**Assignment:**
Copy, word for word, the lines below from the one containing "this 1250×1875 image." up to and including the one containing "this 1536×2048 image.", with pictures left out.

**Extracted entries:**
□ □ □

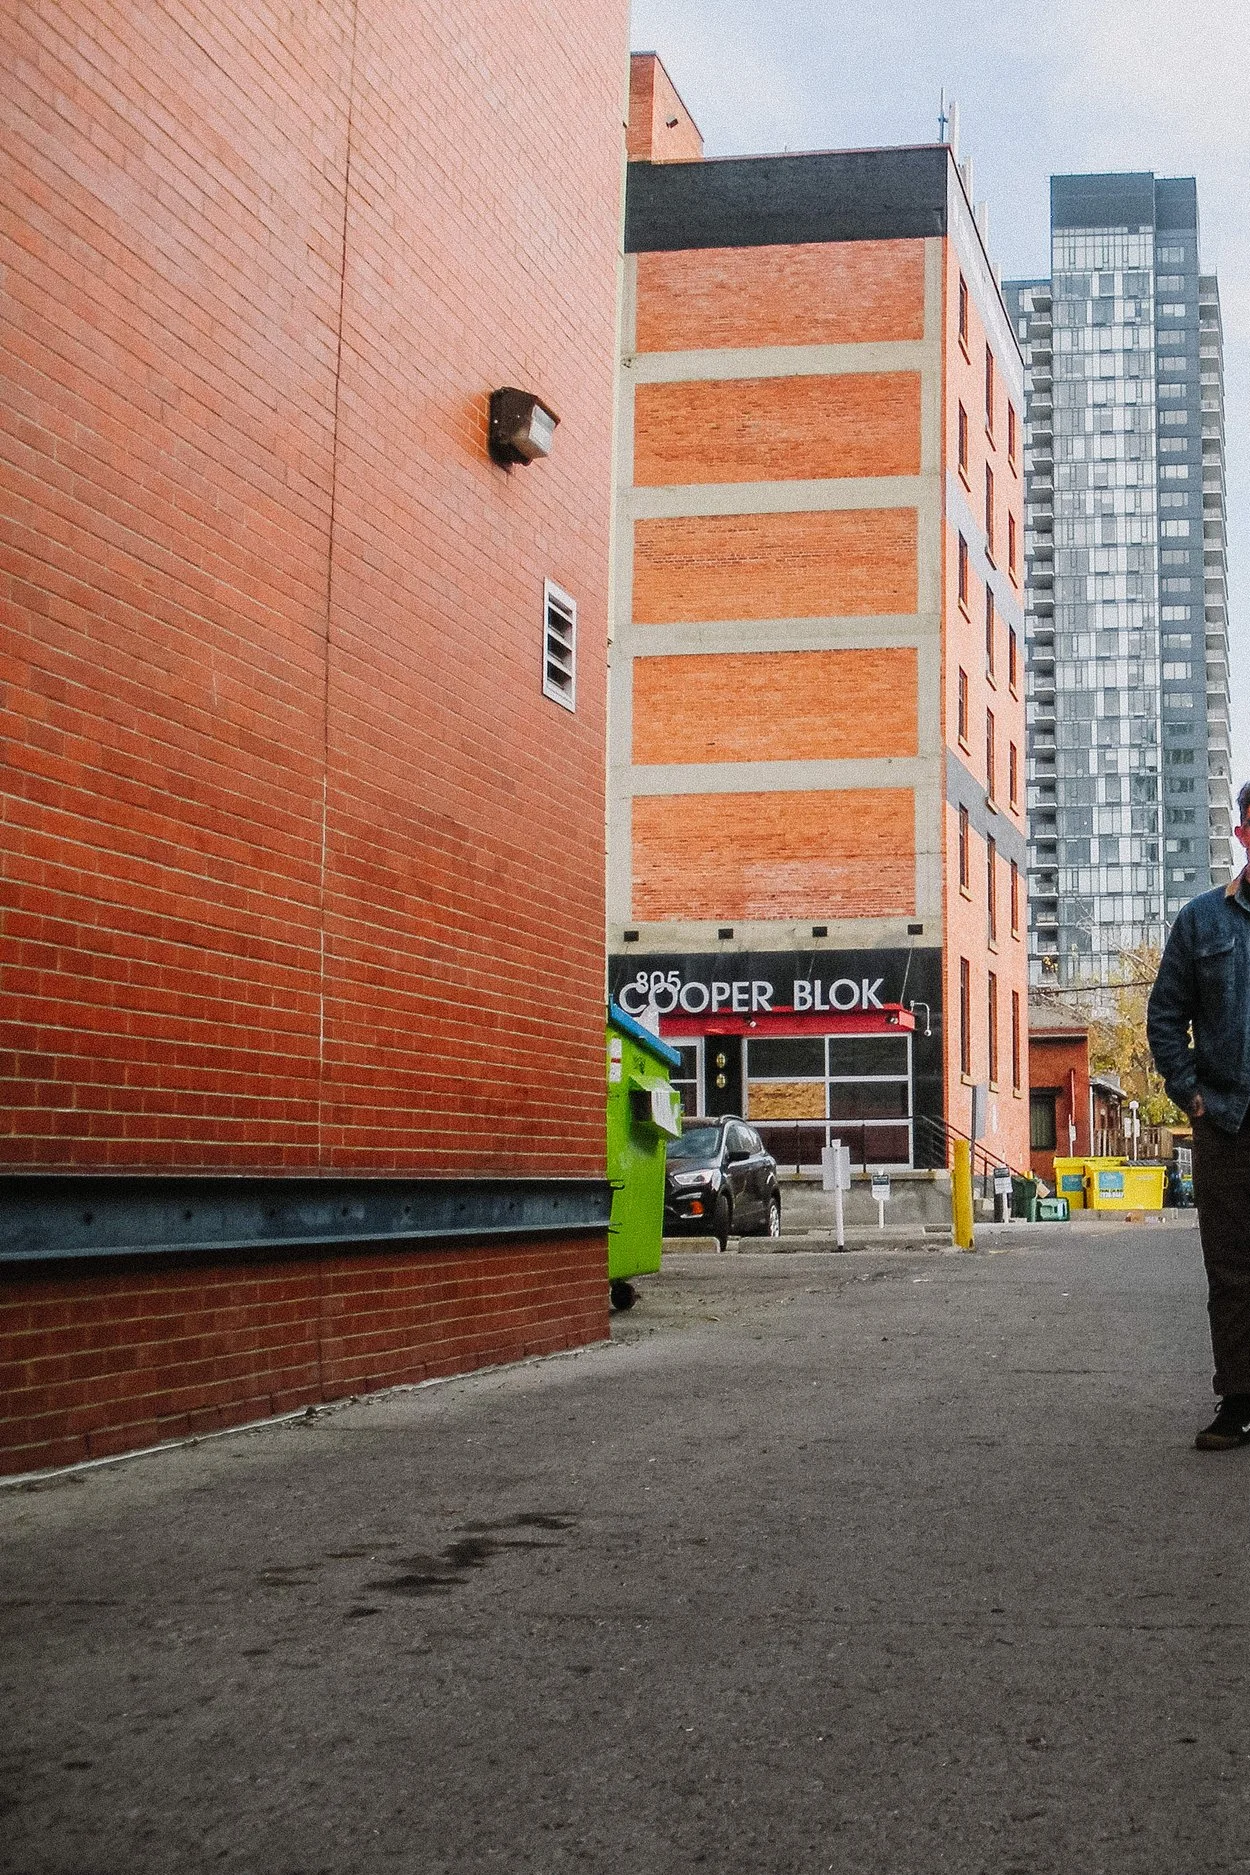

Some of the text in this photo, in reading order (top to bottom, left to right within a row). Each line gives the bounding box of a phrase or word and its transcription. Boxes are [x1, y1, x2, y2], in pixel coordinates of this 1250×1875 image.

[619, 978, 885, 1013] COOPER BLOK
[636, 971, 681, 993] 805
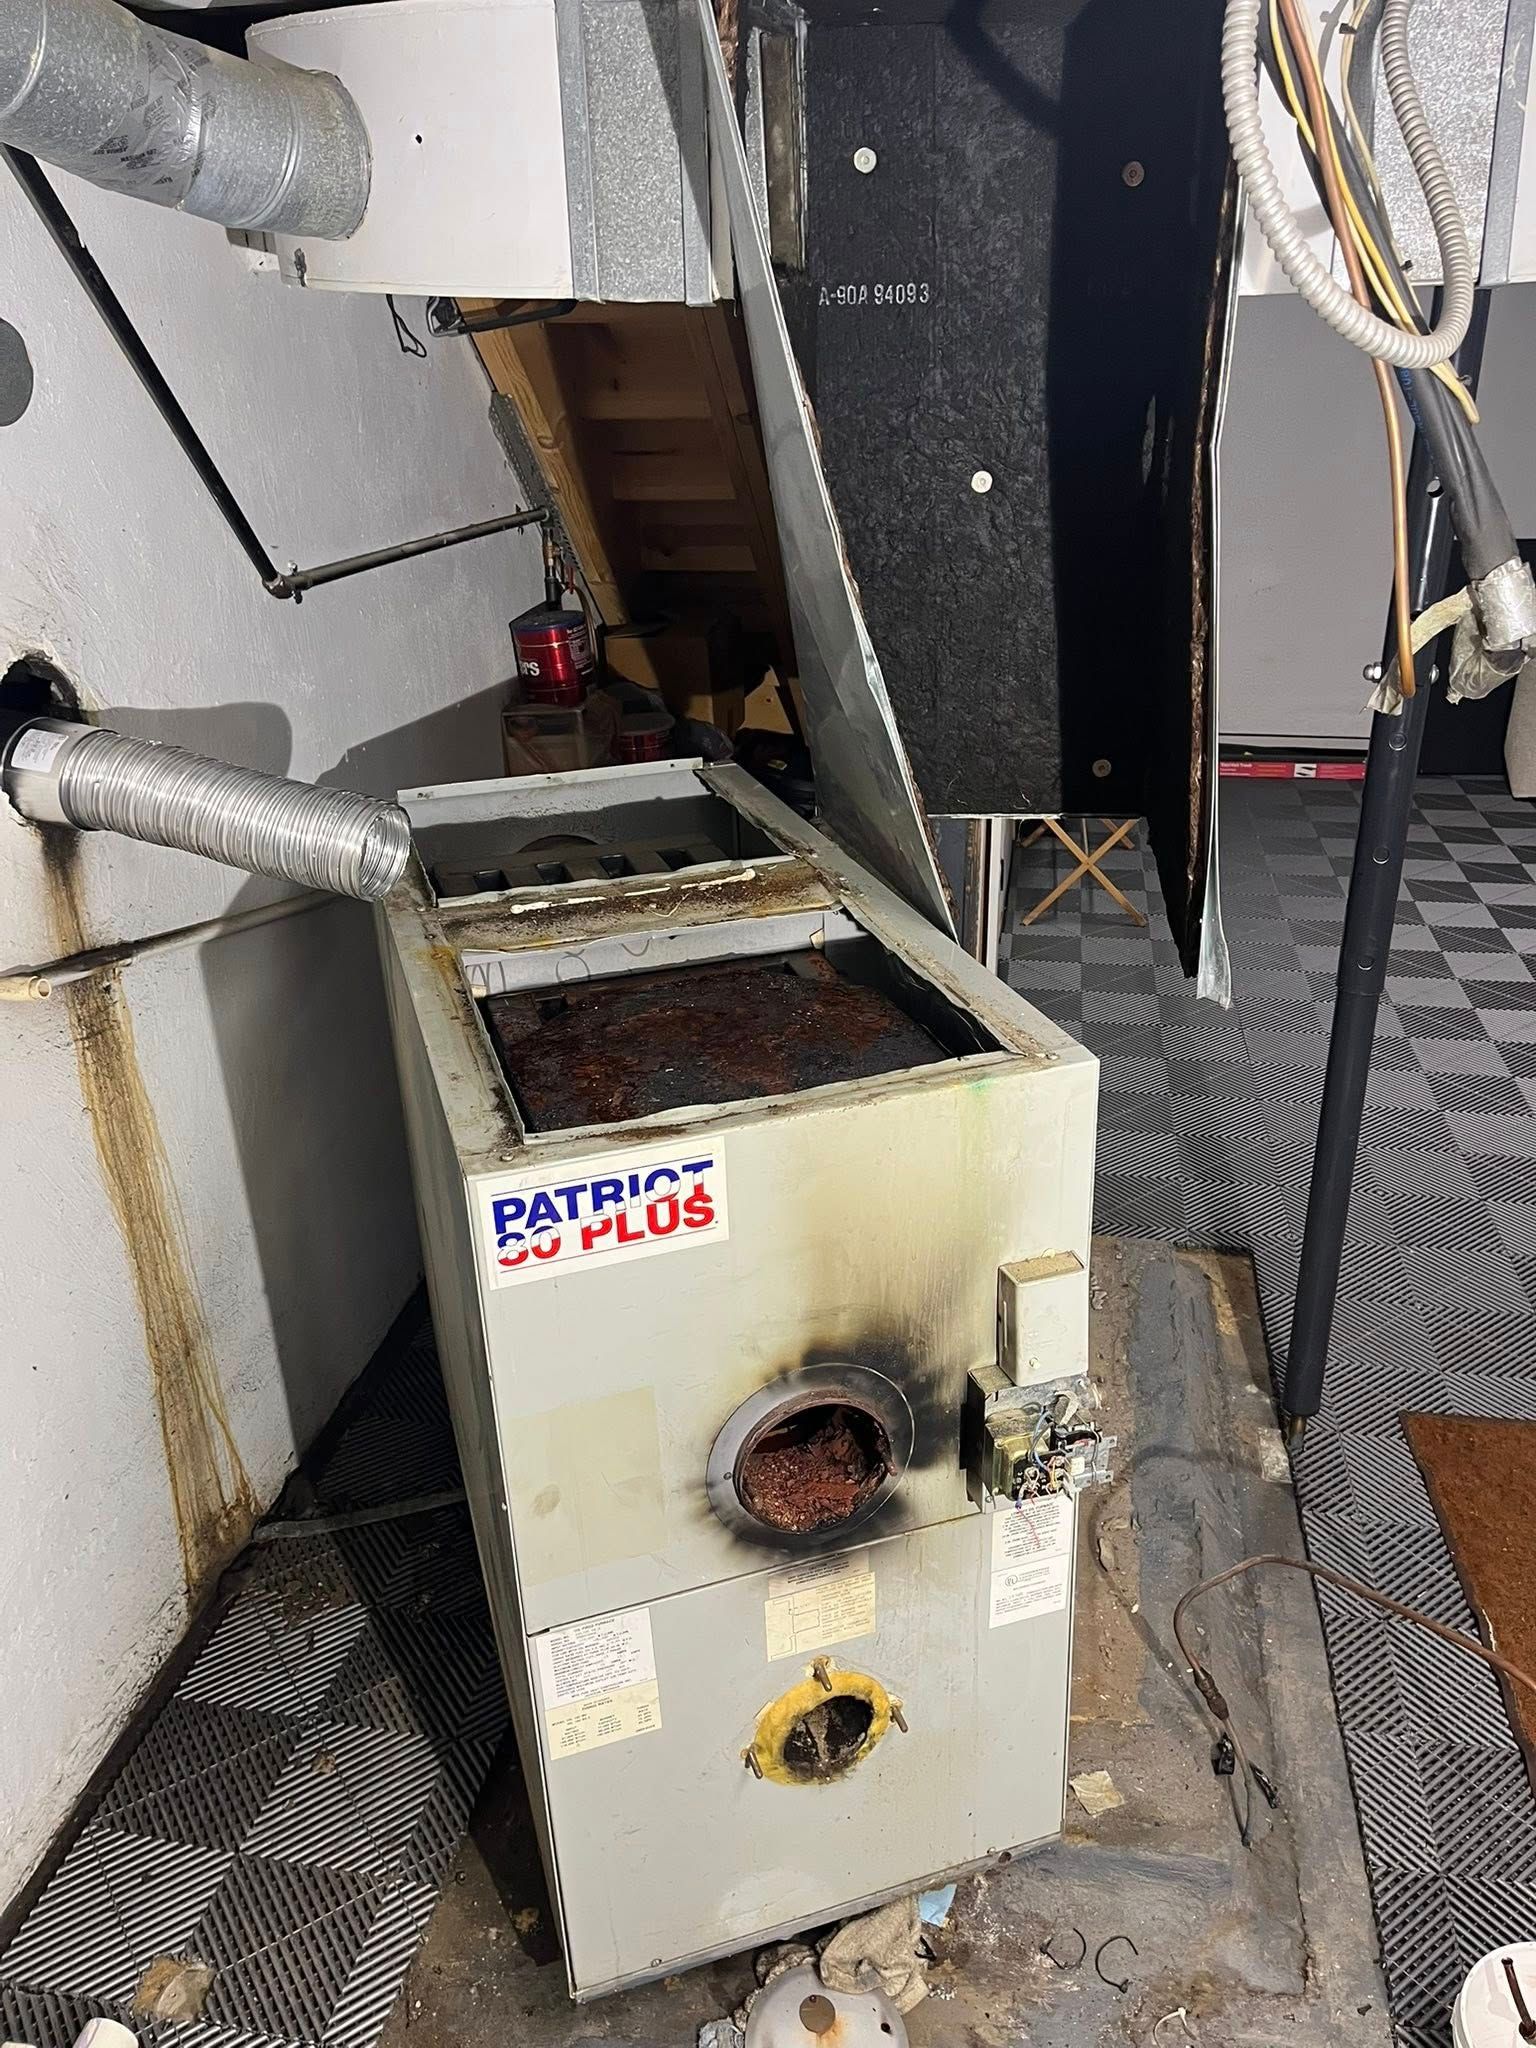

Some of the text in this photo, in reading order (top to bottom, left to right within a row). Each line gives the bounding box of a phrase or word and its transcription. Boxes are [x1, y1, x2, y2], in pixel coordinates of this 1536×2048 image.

□ □ □

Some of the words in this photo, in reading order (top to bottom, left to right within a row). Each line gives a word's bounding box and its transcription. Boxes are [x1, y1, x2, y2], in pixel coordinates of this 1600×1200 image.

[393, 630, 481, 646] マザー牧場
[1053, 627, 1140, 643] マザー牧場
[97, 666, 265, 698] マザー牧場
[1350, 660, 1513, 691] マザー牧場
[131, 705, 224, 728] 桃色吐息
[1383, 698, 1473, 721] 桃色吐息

□ □ □

**Solution below:**
Some of the text in this photo, in reading order (top to bottom, left to right within a row). Each line gives the bounding box of a phrase or word and its transcription. Boxes are [x1, y1, x2, y2], in pixel coordinates of this 1250×1875 image.

[619, 978, 885, 1013] COOPER BLOK
[636, 971, 681, 993] 805

Some of the text in this photo, in reading order (top to bottom, left to right within a row). Each line gives the bounding box of a phrase or word and its transcription. Boxes are [x1, y1, x2, y2], in pixel coordinates of this 1536×2048 image.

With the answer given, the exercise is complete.